Hook, Sutliff and her son take a stagecoach toward the modest ranch her husband has built up.  The stagecoach passengers include young cowboy Jeff Bennett (Earl Holliman), a Mexican grandmother and granddaughter and a talkative Charlie Travers (Edward Andrews), with a colorful ex-Confederate driver (Royal Dano).  Along the way they hear that Nanchez has escaped, and he catches up with the stage.  Hook resorts to a strategem to get Nanchez to let them depart, but we haven’t seen the last of him.

When they arrive at the Sutliff ranch, Cora’s husband, who hasn’t seen her for years, takes the approach most whites have.  He hadn’t heard about, and wants nothing to do with, the half-Apache kid, and Cora won’t let the child go.  Nanchez finds them, and the four of them make a run for it in the Sutliff wagon.

TrooperHookApachesNanchez seeks his son.

The ending is a bit contrived, with both Nanchez and husband Fred Sutliff (John Dehner) dead and Hook riding off into the sunset with the woman and her son. Hook admits he has no family; he just invented one to fend off the questions and good intentions of others.  He remarks, “I’m 47.  Nearly 30 of that in the Army makes a man rough.  Got four months ‘til the end of my last hitch.” It sounds like a proposal, sort of.
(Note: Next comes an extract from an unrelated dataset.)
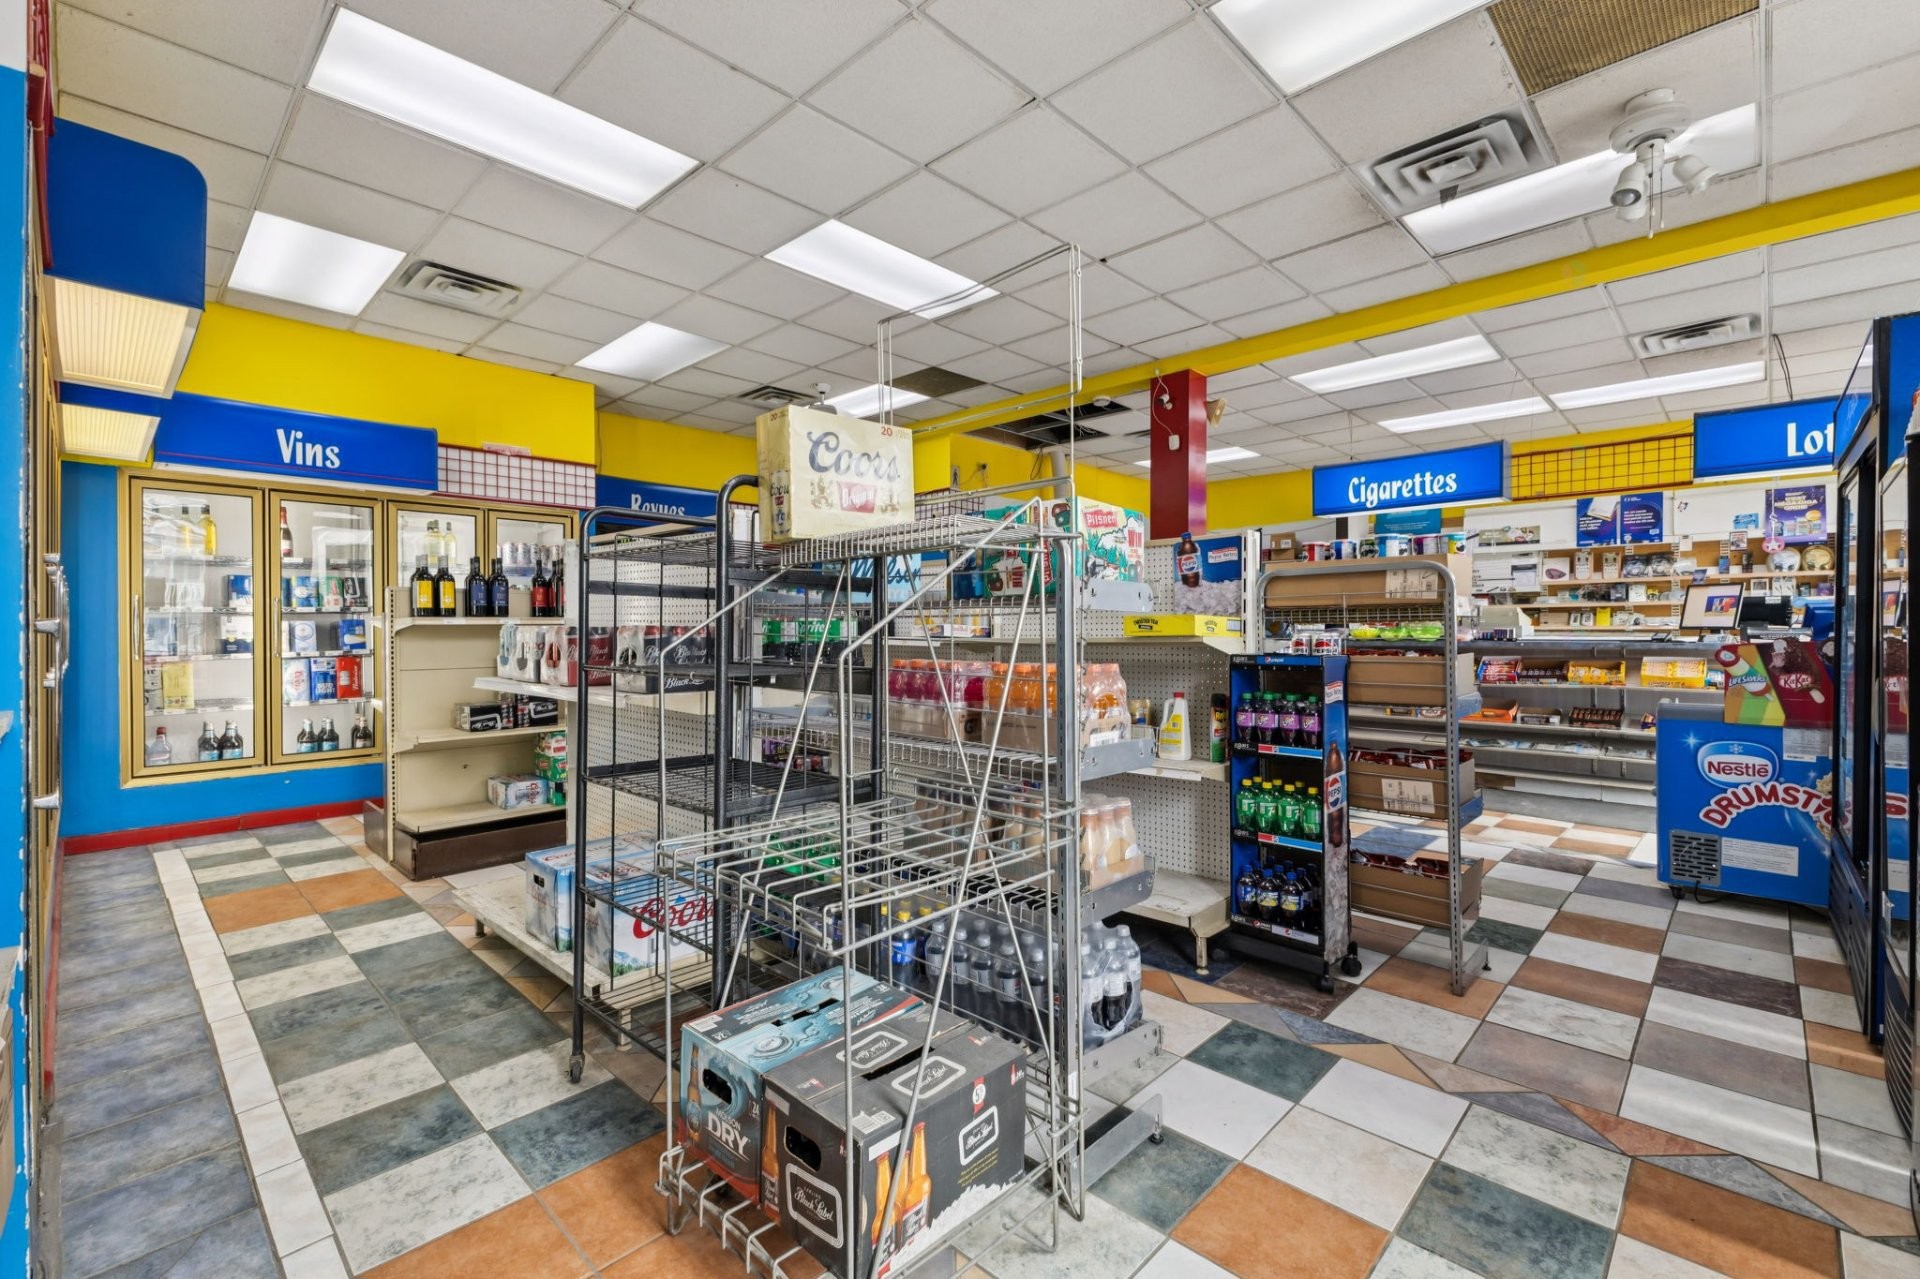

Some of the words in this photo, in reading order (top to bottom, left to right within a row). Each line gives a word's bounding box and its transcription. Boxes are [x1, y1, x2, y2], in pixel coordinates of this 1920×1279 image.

The movie has intrusive, clunky theme music (e.g., Rancho Notorious and Will Penny) sung by Tex Ritter; such music seldom works as well as it did in High Noon.  There are good supporting performances by Royal Dano as Mr. Trude, an ex-Confederate stagecoach driver, and Earl Holliman as Jeff Bennett, a good-hearted young cowboy.  Rodolfo Acosta as Nanchez isn’t bad, either, in a role very similar to what he did in Hondo.  Barbara Stanwyck isn’t very convincing at first, but she can act and becomes more believable as her character develops.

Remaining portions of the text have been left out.